I have often taught classes which include the idea(s) that the identity characteristics of sex, gender, race, sexual orientation are socially constructed. This does not mean that these categories are not real, but that these characteristics are not innate, fixed, "natural" properties of human beings; instead the idea is that how we perceive and interact with people according to these categories is contested, time-dependent and malleable.

It's exciting to see a paragraph like this in the world's most prestigious scientific journal:
One reason is that phylogenetic and population genetic methods do not support a priori classifications of race, as expected for an interbreeding species like Homo sapiens (11, 18). As a result, racial assumptions are not the biological guide-posts some believe them to be, as commonly defined racial groups are genetically heterogeneous and lack clear-cut genetic boundaries (10, 11). For example, hemoglobinopathies can be misdiagnosed because of the identification of sickle-cell as a “Black” disease and thalassemia as a “Mediterranean” disease (10). Cystic fibrosis is underdiagnosed in populations of African ancestry, because it is thought of as a “White” disease (19). Popular misinterpretations of the use of race in genetics also continue to fuel racist beliefs, so much so that, in 2014, a group of leading human population geneticists publicly refuted claims about the genetic basis of social differences between races (20). Finally, the use of the race concept in genetics, an issue that has vexed natural and social scientists for more than a century, will not be obviated by new technologies. Although the low cost of next-generation sequencing has facilitated efforts to sequence hundreds of thousands of individuals, adding whole-genome sequences does not negate the fact that racial classifications do not make sense in terms of genetics.
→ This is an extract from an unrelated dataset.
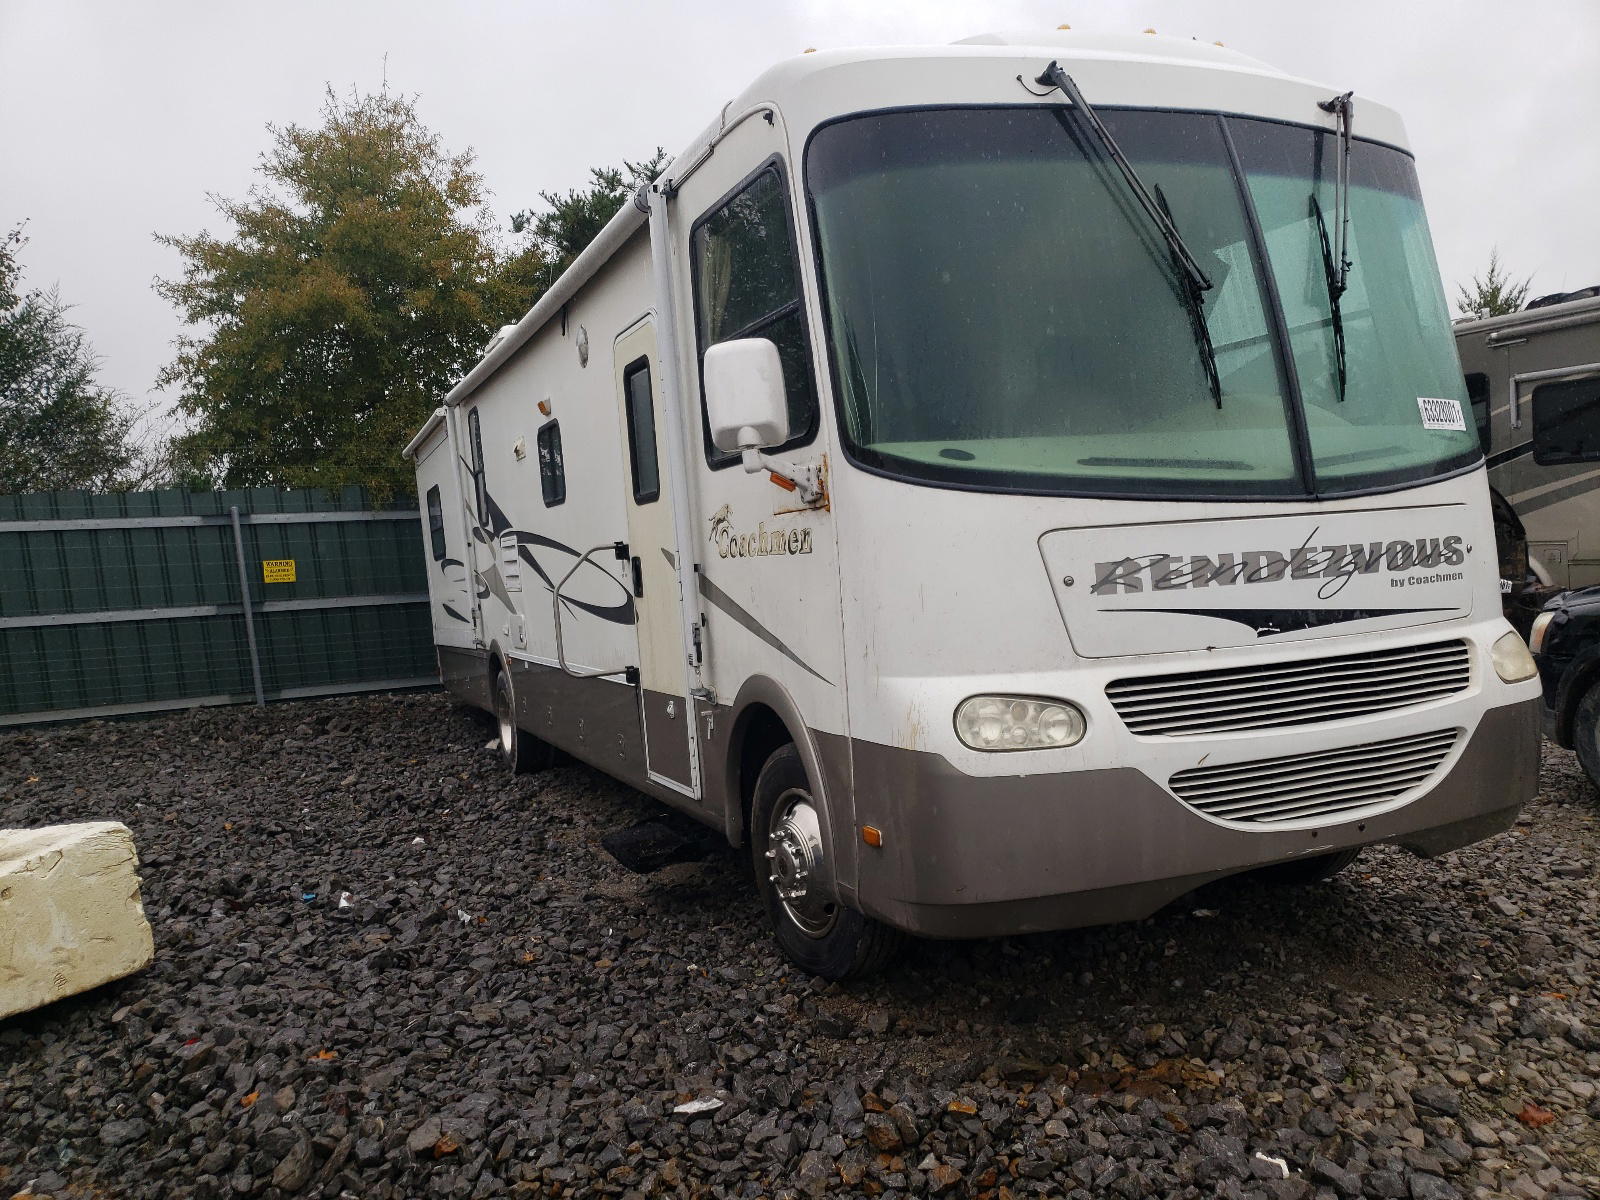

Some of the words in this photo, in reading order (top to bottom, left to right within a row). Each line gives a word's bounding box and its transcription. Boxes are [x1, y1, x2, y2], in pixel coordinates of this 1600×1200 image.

Coincidentally enough, I actually m et one of the authors of this article (Professor Dorothy Roberts of the University of Pennsylvania) when she visited my place of employment this week. On Tuesday February 2, she gave an impressive talk which summarized some of the key ideas in her latest book, Fatal Invention: How Science, Politics, and Big Business Re-create Race in the Twenty-first Century. The audience was enthralled and Prof. Roberts answered questions matter-of-factly and informatively.

 Overall, it is exciting to see the idea that race is NOT a human biological feature getting more attention.